YouthCare has signed on in support of a campaign to shut down the Northwest Detention Center (NWDC) in Tacoma, Washington. We urge you to support this campaign and sign the petition here.
What is the NWDC?
The Northwest Detention Center is the country’s fourth-largest detention center for people awaiting immigration and/or asylum proceedings. NWDC is run by GEO Group, the country’s second-largest private prison operator, through a contract with Immigration and Customs Enforcement (ICE).
Detaining immigrants at NWDC rips families apart, robs children of their parents, and brutally incarcerates people who often come to this country looking for safety—and have a legal right to that safety.
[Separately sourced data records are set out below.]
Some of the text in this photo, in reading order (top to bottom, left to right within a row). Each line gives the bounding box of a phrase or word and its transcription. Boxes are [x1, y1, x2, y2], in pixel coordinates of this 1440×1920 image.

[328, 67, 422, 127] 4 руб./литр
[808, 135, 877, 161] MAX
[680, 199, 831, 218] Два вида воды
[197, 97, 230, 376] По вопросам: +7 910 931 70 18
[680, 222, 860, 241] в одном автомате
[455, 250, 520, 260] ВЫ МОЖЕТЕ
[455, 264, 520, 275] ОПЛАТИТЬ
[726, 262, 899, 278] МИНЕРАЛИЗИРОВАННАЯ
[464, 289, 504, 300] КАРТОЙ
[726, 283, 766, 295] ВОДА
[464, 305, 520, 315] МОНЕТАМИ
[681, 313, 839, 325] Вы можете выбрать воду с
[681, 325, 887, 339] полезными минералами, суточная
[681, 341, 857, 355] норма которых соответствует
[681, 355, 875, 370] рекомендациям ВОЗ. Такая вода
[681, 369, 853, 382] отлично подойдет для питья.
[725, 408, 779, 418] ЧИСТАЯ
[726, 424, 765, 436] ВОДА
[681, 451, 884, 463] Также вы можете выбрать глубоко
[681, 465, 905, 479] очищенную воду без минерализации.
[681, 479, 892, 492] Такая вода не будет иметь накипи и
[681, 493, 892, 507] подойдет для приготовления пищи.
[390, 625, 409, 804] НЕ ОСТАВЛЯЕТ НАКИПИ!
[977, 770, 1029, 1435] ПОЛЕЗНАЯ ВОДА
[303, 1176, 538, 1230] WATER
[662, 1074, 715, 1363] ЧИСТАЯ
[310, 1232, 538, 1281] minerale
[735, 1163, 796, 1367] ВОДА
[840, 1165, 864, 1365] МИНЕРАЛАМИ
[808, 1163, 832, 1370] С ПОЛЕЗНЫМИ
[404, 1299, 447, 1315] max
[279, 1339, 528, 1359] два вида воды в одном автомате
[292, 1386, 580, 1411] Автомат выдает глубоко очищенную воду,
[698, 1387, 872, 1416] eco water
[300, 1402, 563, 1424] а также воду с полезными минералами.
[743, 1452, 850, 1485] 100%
Yet under the Trump Administration, trafficking victims, asylum-seekers, undocumented parents, and tax-paying neighbors have all become one thing in the eye of the state: criminals, for which companies like GEO can make a profit. Over the years, NWDC has been consistently accused of—and sued for—horrific detention conditions and human rights abuses, such as:
- Record numbers of alleged physical and sexual assaults and wrongful deaths.
- Maggot-infested and frozen meals, food poisoning, and meager rations.
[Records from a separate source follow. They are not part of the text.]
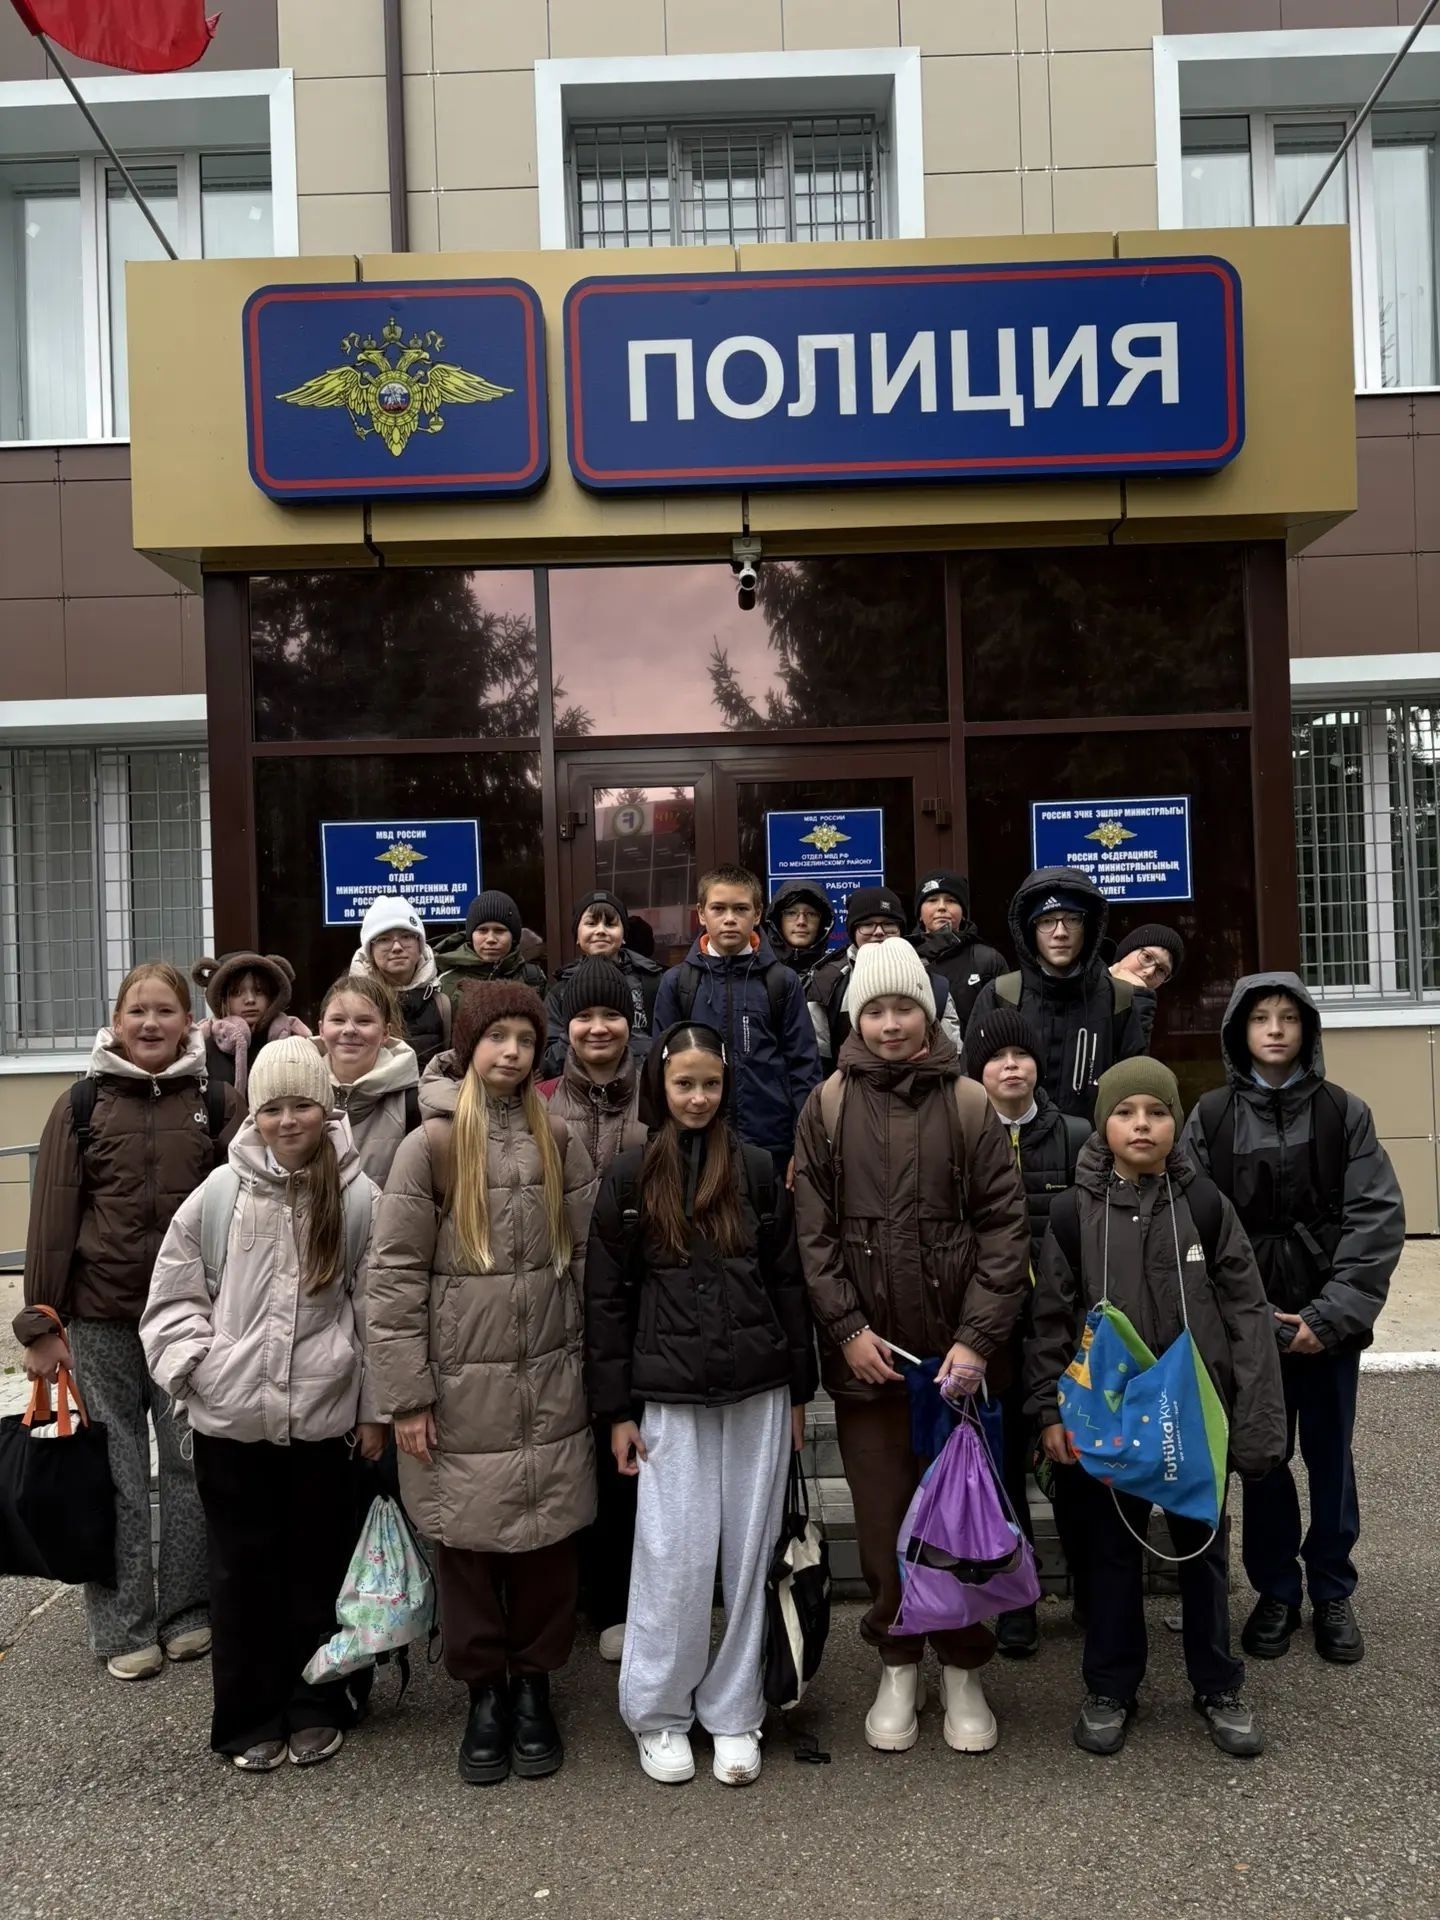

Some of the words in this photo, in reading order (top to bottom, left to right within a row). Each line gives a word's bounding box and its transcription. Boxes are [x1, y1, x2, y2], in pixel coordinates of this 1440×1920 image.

[626, 321, 1181, 427] ПОЛИЦИЯ
[1042, 811, 1071, 820] РОССИЯ
[1074, 810, 1092, 818] ЭЧКЕ
[1124, 807, 1184, 816] МИНИСТРЛЫГЫ
[376, 831, 394, 840] МВД
[397, 830, 426, 838] РОССИИ
[1067, 852, 1098, 862] РОССИЯ
[1101, 850, 1158, 861] ФЕДЕРАЦИЯСЕ
[389, 873, 414, 882] ОТДЕЛ
[1100, 874, 1133, 883] РАЙОНЫ
[1137, 873, 1166, 882] БУЕНЧА
[336, 885, 397, 895] МИНИСТЕРСТВА
[400, 884, 448, 893] ВНУТРЕННИХ
[452, 883, 467, 892] ДЕЛ
[408, 895, 455, 905] ФЕДЕРАЦИИ
[344, 909, 355, 917] ПО
[431, 905, 461, 915] РАЙОНУ
[1162, 1422, 1178, 1481] Futüka
- Inadequate, delayed, or neglectful medical care, including quarantining detainees for potential diseases or health conditions.
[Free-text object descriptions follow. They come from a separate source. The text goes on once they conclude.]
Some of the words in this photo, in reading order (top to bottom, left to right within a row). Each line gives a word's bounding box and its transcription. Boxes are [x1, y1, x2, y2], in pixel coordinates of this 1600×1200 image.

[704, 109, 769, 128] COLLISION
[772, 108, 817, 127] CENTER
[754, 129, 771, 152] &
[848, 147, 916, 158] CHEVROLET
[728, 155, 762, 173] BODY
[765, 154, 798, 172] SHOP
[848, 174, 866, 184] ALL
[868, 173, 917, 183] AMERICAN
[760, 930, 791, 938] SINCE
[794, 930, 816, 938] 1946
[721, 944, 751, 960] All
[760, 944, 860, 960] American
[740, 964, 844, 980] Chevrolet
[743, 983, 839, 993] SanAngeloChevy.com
- Labor law violations due to a one-dollar-a-day “voluntary” work program mandated by the federal government in which detainees perform almost all non-security related tasks, including “preparing meals, doing laundry and cleaning common areas and restrooms.”
- Dangerous proximity to environmental hazards, including a toxic sludge field, methanol plant, and liquified natural gas facility, resulting in accounts of “exacerbated asthma, respiratory illnesses, and rash outbreaks.”
- Retaliation and abuses of solitary confinement.
How does this impact young people served by YouthCare?
In 2003, YouthCare opened Casa de los Amigos (Casa), a 20-bed facility for unaccompanied, undocumented youth ages 12-17, supported by the federal Office of Refugee Resettlement (ORR). The majority of Casa’s youth are fleeing war, gang violence, human trafficking, and extreme poverty. They arrive at Casa de los Amigos with next to nothing. YouthCare works with them to reunite with family or approved sponsors. While they are with us, each young person receives customized supports including legal assistance, case management, physical and mental health care, and bilingual education.
Under federal law, unaccompanied minors who cross the U.S. border are first apprehended by U.S. Customs and Border Protection and then transferred to the Department of Health and Human Services’ Office of Refugee Resettlement, which sends them to shelters like YouthCare’s Casa de los Amigos. Per the 2008 Trafficking Victims Protection Reauthorization Act passed in 2008, U.S. Customs and Border Protection is required to send unaccompanied minors crossing the border to “the least restrictive setting available.” Yet, on the day of their 18th birthday, legal jurisdiction of these youth transfers from ORR to ICE. Their status in this country radically shifts, and they are suddenly treated as criminals.
Across the country, young people who are staying at ORR facilities and have not found a sponsor by their 18th birthday are being handcuffed and turned over to ICE. While a 2013 amendment to the TVPRA requires ICE to continue the practice of putting youth in “the least restrictive setting” while they work toward finding a sponsor, the majority of these young people are arrested and sent to detention.
In addition to YouthCare’s Casa de los Amigos program, YouthCare also has case managers that work with young people who have experienced labor or sex trafficking. In the last two years, young people from both programs have had parents and family members sent to NWDC, or have been detained there themselves, subjected to the appalling conditions detailed above.
YouthCare believes the City of Tacoma should close the NWDC. A business model—and legal system—that treats immigrants as criminals and profits off of ripping families apart is unconscionable. Immigrants belong with their families, not behind bars. Join us in supporting this campaign here.
It is completely unjust and illogical that immigrants are criminalized for searching for safety. We must all be lifting eachother up and treating one another with respect, fairness, and equality. We should all be doing our part to help. We must be rooting for families to strengthen their bonds not break apart. Therefore, it is necessary for NWDC to be closed down.